My journey with The Palisaodes Foundation has been a very exciting one, where I worked with the admin Peter Harrison, mentors Noman Khan and Nishnata Debnath and my fellow mentees, on the project End-to-End Encryption and Talawa API Security Improvements.
Having never worked on Encryption and Cryptography in general before, this project was both challenging and learning one, wherein I explored various aspects of Cryptography, Real Time Chat Design, Managing Certificates and Keys, just to name a few.
During the project, we decided that implementing the chat feature from scratch in this project itself would not be viable, and keeping it for the next year GSoC idea will be a more robust solution.

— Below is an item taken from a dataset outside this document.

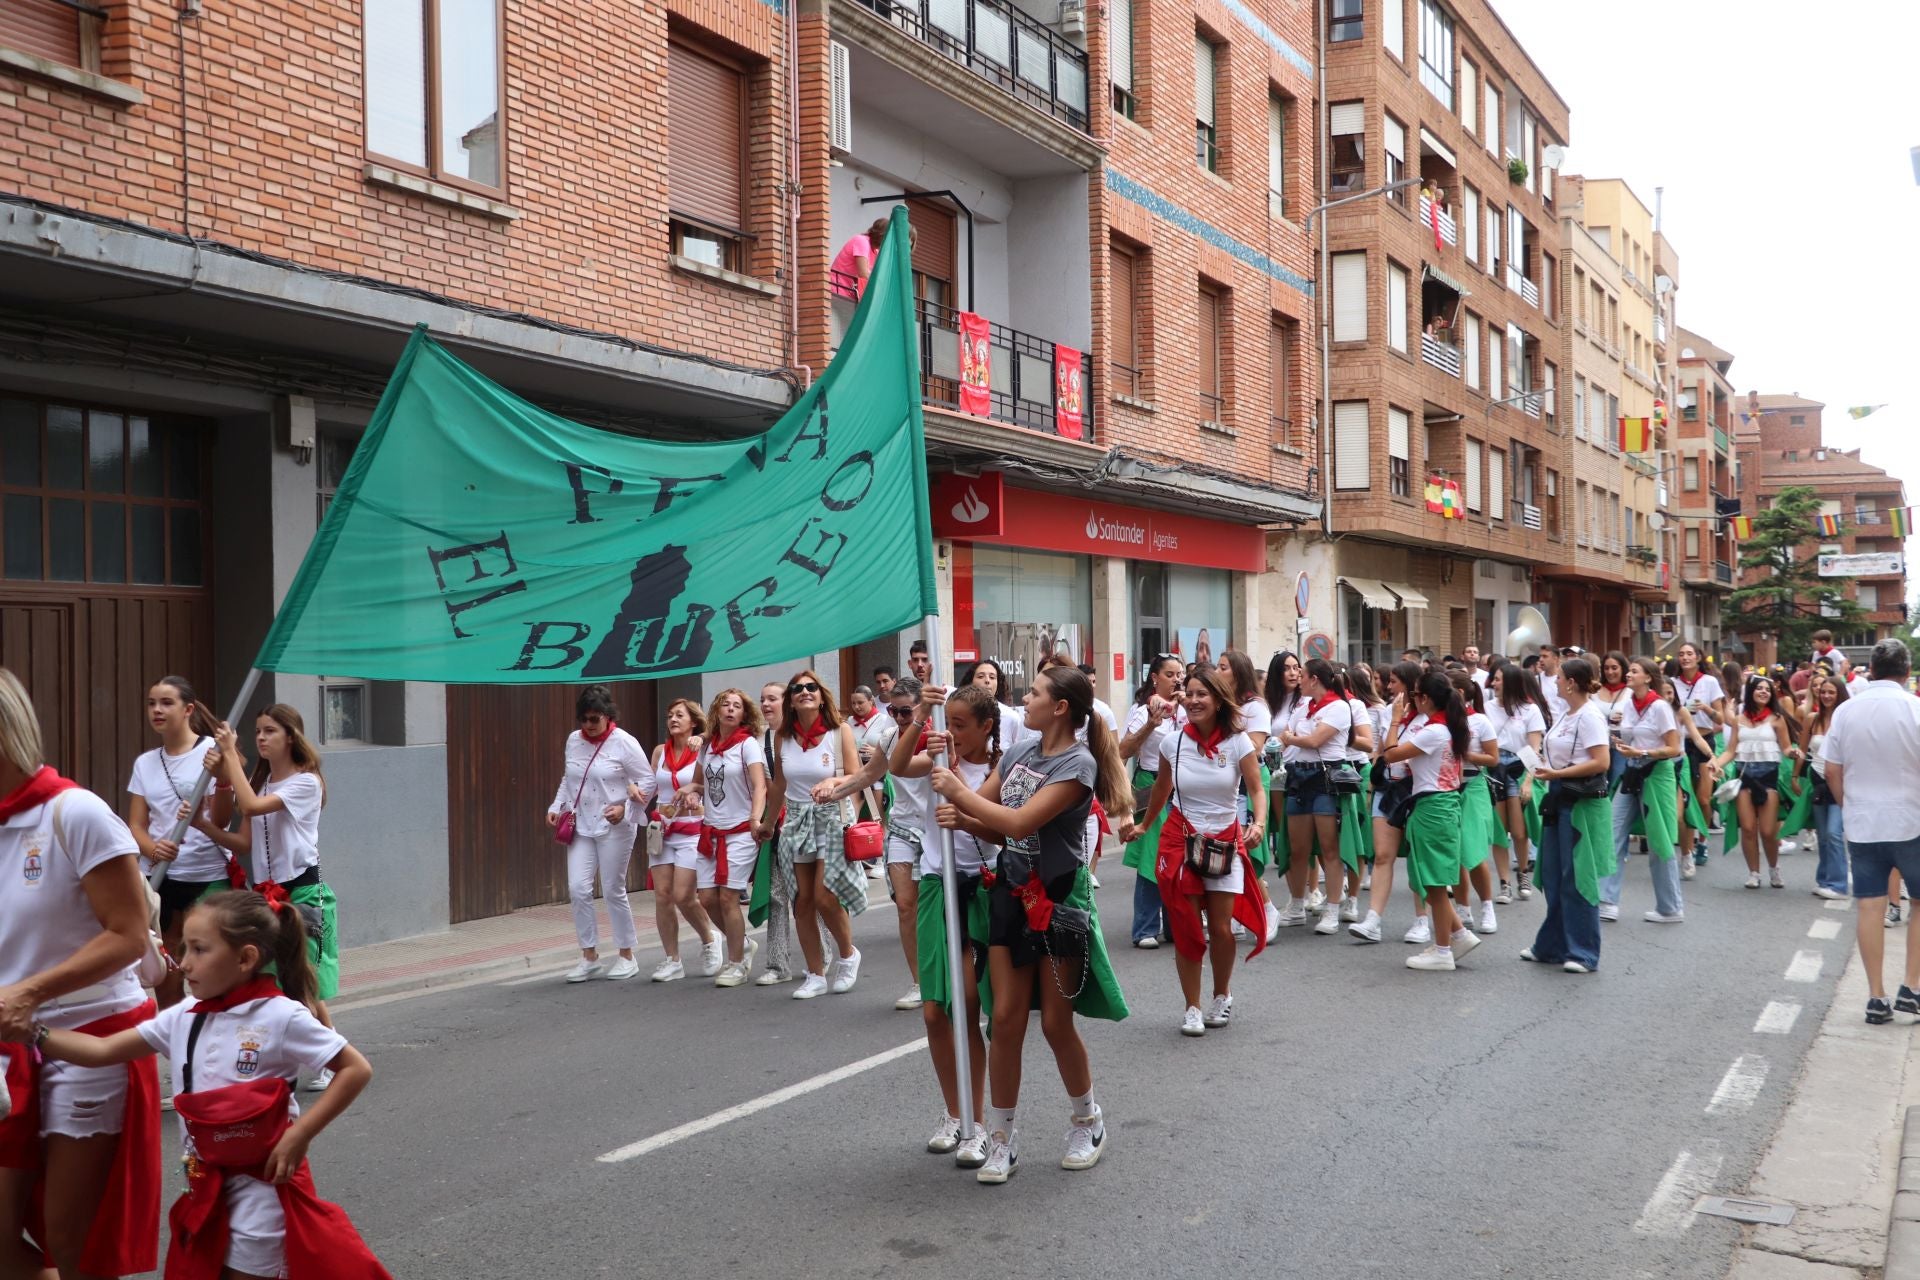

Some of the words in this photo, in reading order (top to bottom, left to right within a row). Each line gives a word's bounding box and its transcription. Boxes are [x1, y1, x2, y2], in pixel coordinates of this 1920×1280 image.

[427, 530, 527, 639] EL
[497, 450, 876, 671] BUREO
[1099, 517, 1145, 545] Santander
[1153, 530, 1178, 551] Agentes

So my project focused on improving security of the existing APIs, rather than introducing new ones.
All of the PRs can be found here.
Installed various packages like pointycastle and crypto, which help in generating asymmetric RSA keys which are then stored in the app’s database for further usage, as so
AsymmetricKeyPair<PublicKey, PrivateKey> generateRSAKeyPair() {
final keyGen = RSAKeyGeneratorParameters(BigInt.parse('65537'), 2048, 64);
final secureRandom = FortunaRandom();
final random = SecureRandom('Fortuna')
..seed(secureRandom as CipherParameters);
final keyGenParams = ParametersWithRandom(keyGen, random);
final keyGenerator = KeyGenerator('RSA');
keyGenerator.init(keyGenParams);
return keyGenerator.generateKeyPair();
}
It’s transfer over API remains for now, and is supposed to be implemented along with the chat feature.